*** Exercise inputs ***
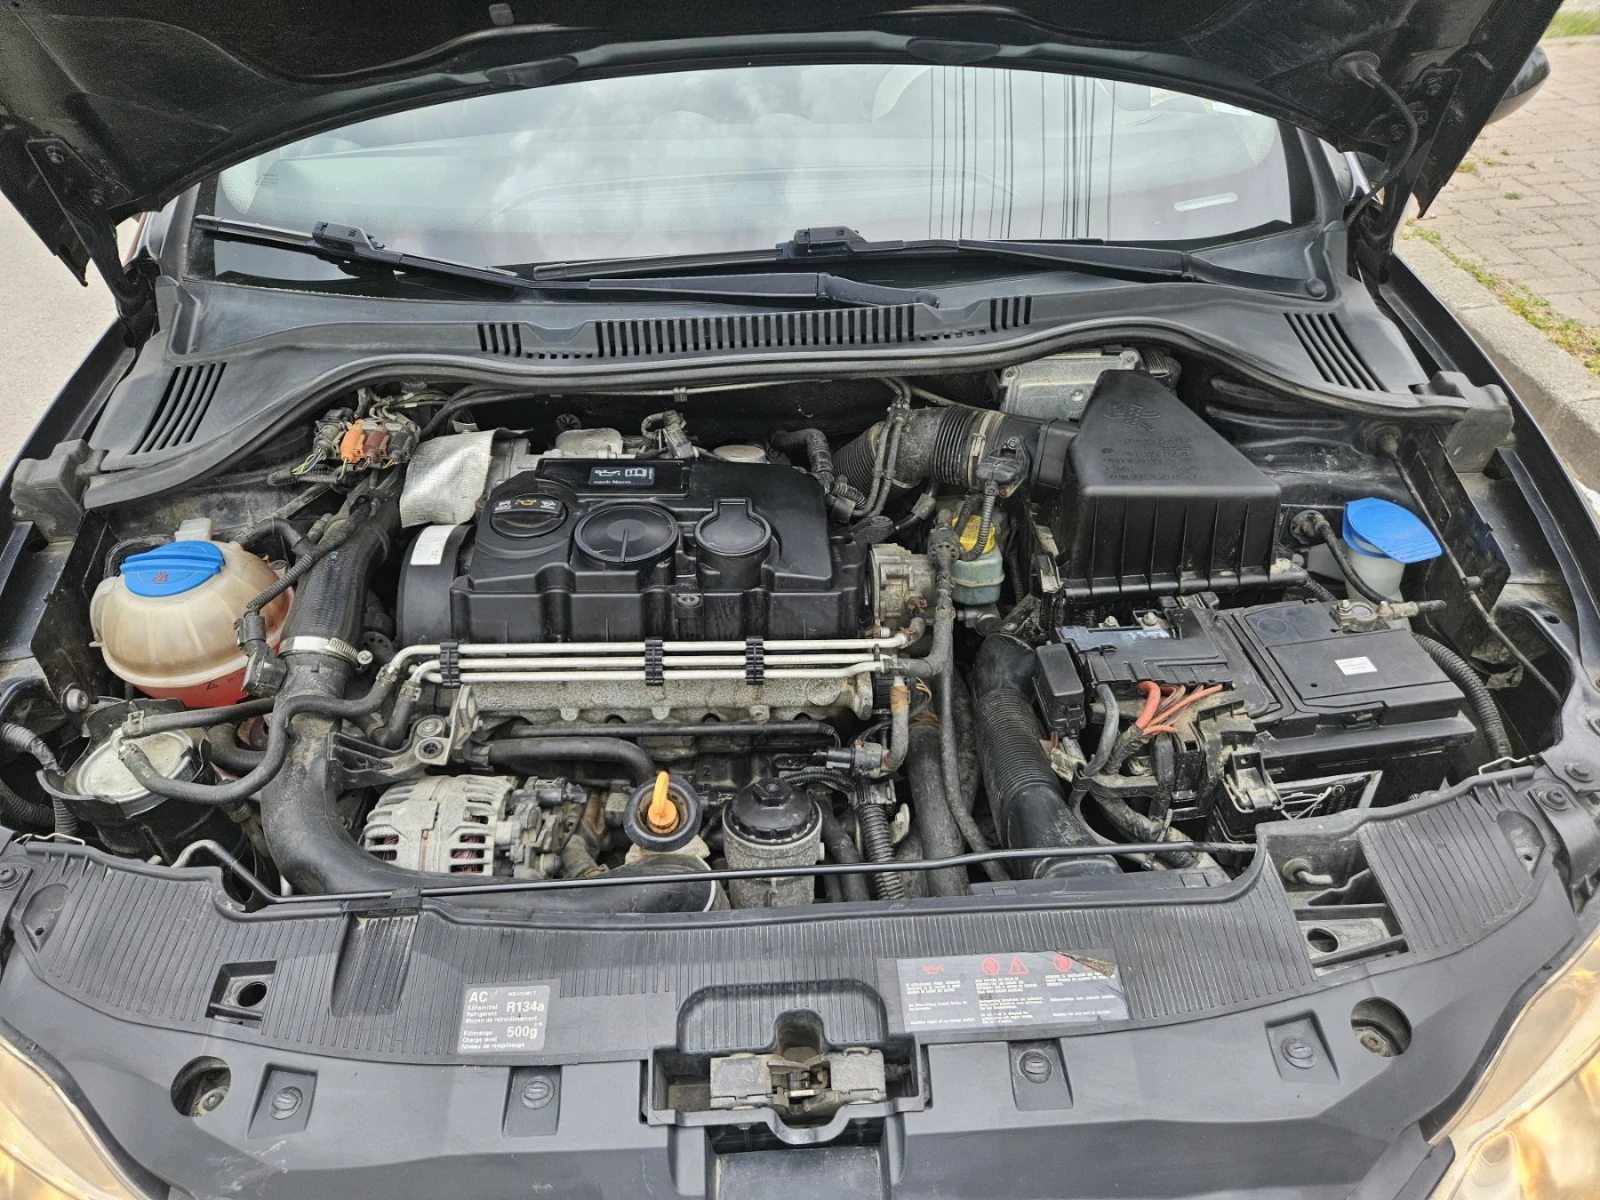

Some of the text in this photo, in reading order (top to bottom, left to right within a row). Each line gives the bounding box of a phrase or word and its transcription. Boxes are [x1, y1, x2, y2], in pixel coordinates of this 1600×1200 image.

[468, 991, 488, 1003] AC
[506, 1001, 545, 1013] R134a
[465, 1017, 485, 1025] Moyen
[506, 1025, 538, 1039] 500g
[462, 1036, 483, 1044] Charge
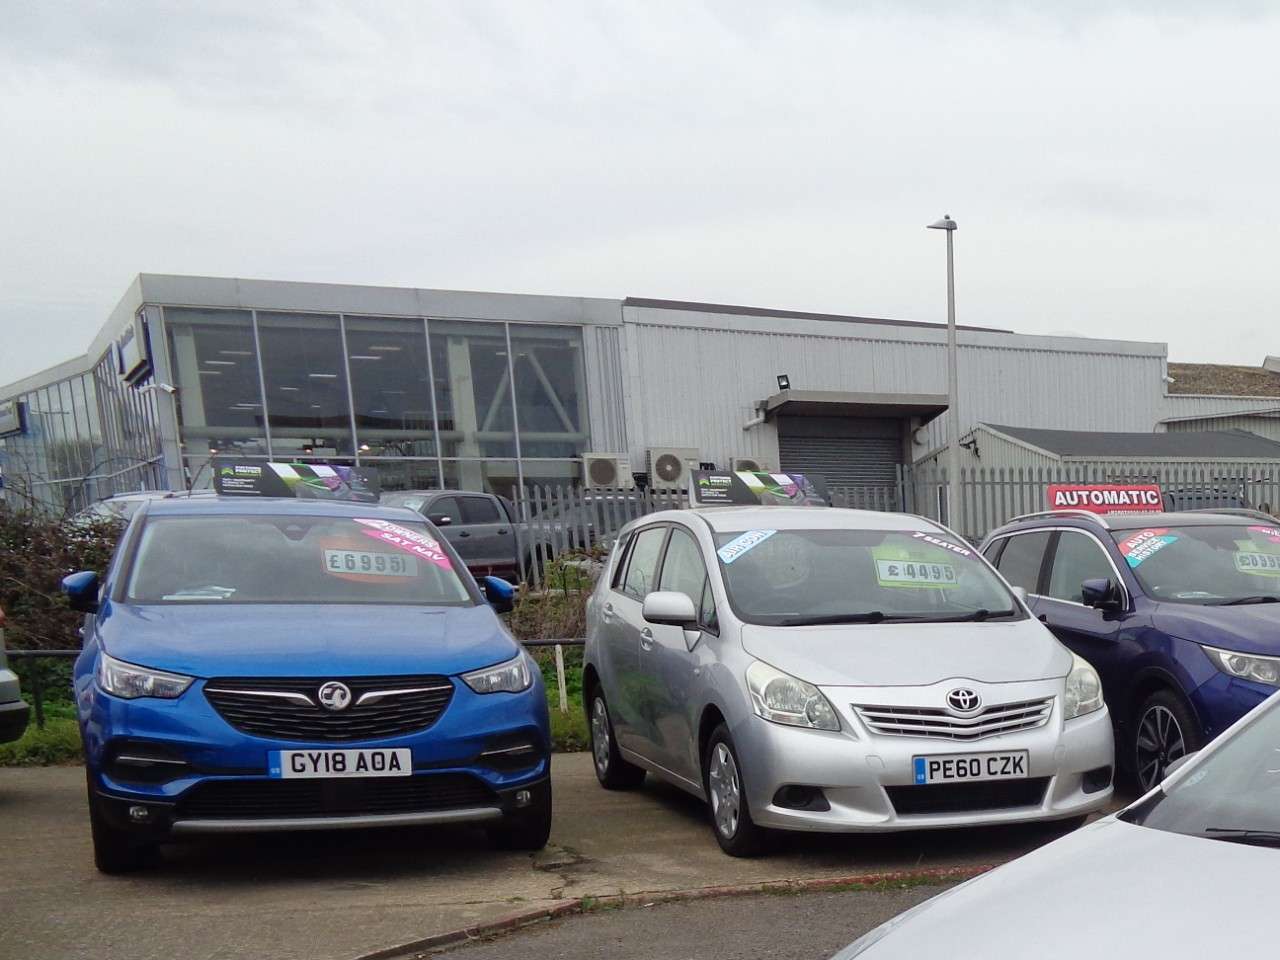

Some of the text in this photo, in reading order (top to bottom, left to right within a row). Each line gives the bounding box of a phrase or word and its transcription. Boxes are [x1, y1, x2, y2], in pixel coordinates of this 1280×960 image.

[1055, 490, 1158, 505] AUTOMATIC
[381, 532, 446, 560] SAT NAV
[923, 536, 971, 556] SEATER
[1126, 531, 1155, 549] AUTO
[291, 752, 347, 772] GY18
[929, 756, 1024, 779] PE60 CZK
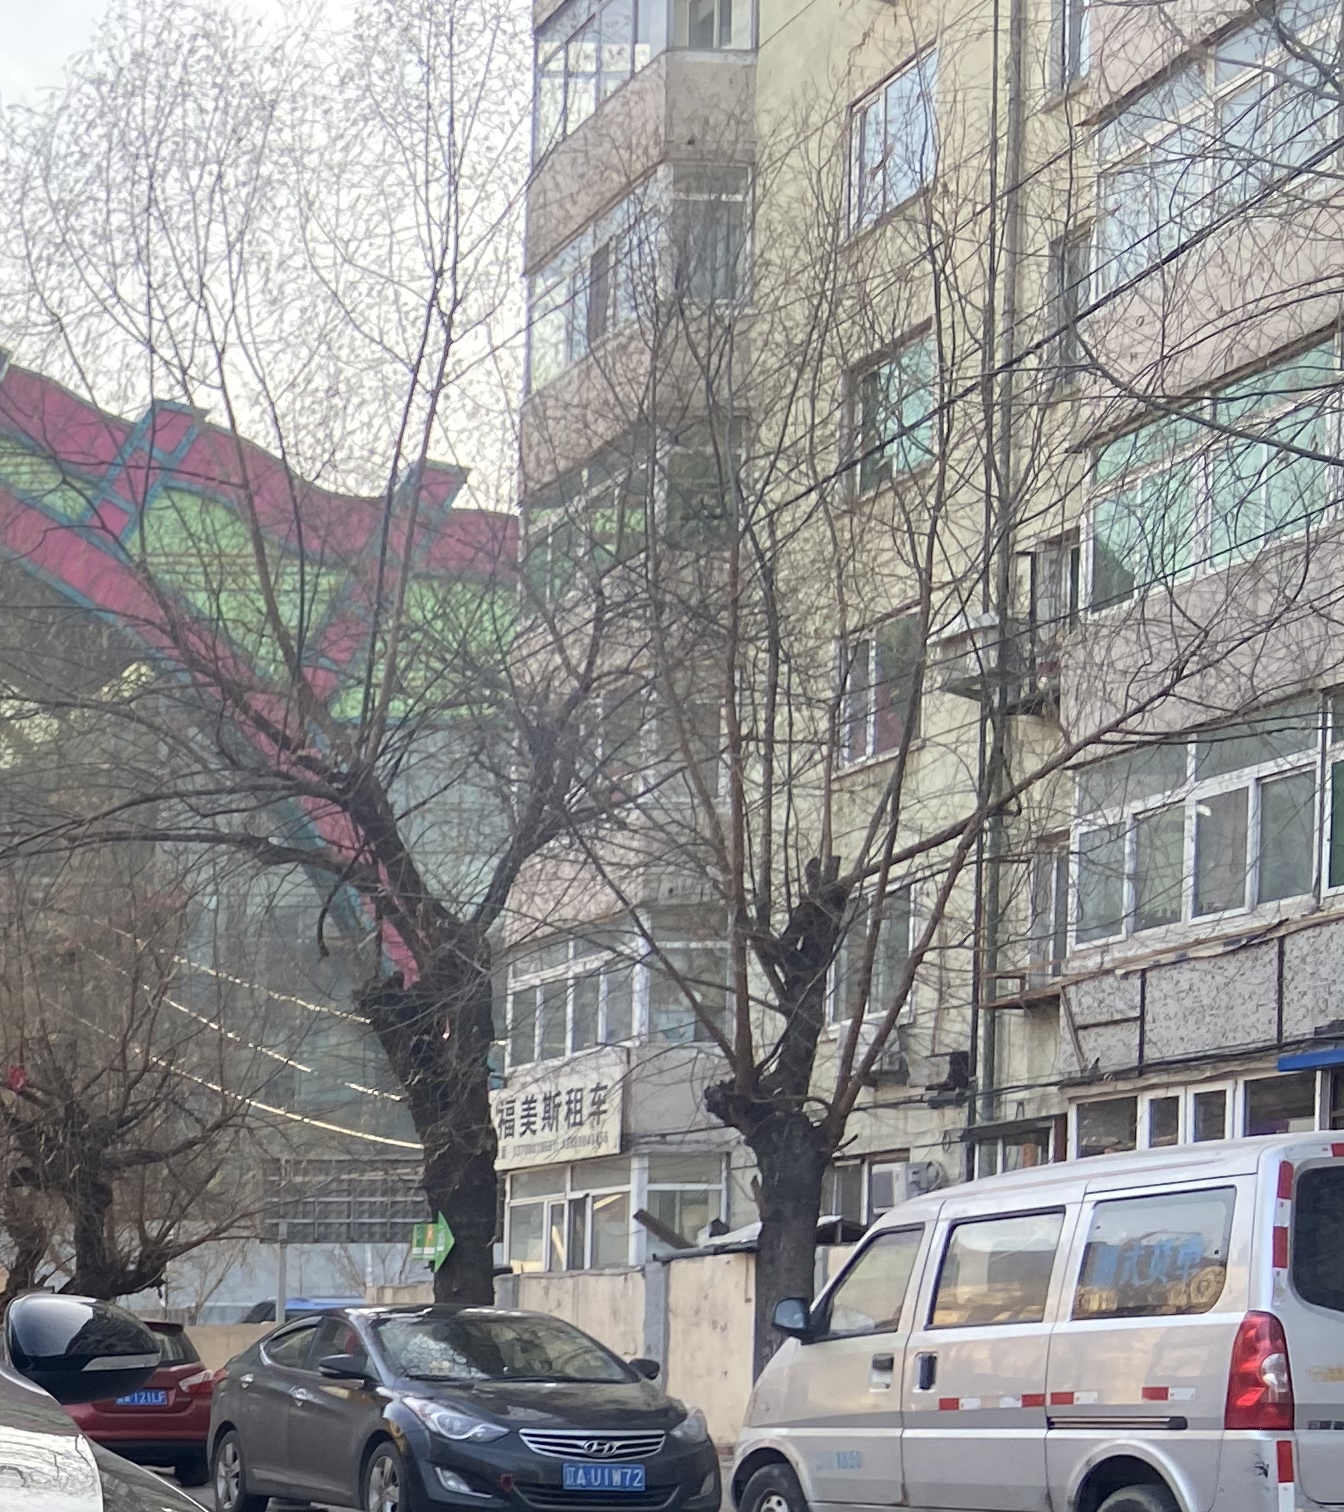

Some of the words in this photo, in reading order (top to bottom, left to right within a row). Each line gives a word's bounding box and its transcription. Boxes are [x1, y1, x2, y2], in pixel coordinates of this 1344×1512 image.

[498, 1082, 609, 1140] 福美斯租车
***
◆ Task requirements:
Every entry above is to be printed again exactly, pictures omitted.

◆ Solution:
Some of the text in this photo, in reading order (top to bottom, left to right within a row). Each line gives the bounding box of a phrase or word and its transcription. Boxes are [x1, y1, x2, y2], in pixel coordinates of this 1600×1200 image.

[468, 991, 488, 1003] AC
[506, 1001, 545, 1013] R134a
[465, 1017, 485, 1025] Moyen
[506, 1025, 538, 1039] 500g
[462, 1036, 483, 1044] Charge

Some of the text in this photo, in reading order (top to bottom, left to right within a row). Each line gives the bounding box of a phrase or word and its transcription. Boxes are [x1, y1, x2, y2], in pixel coordinates of this 1280×960 image.

[1055, 490, 1158, 505] AUTOMATIC
[381, 532, 446, 560] SAT NAV
[923, 536, 971, 556] SEATER
[1126, 531, 1155, 549] AUTO
[291, 752, 347, 772] GY18
[929, 756, 1024, 779] PE60 CZK

Some of the words in this photo, in reading order (top to bottom, left to right within a row). Each line gives a word's bounding box and its transcription. Boxes are [x1, y1, x2, y2], in pixel coordinates of this 1344×1512 image.

[498, 1082, 609, 1140] 福美斯租车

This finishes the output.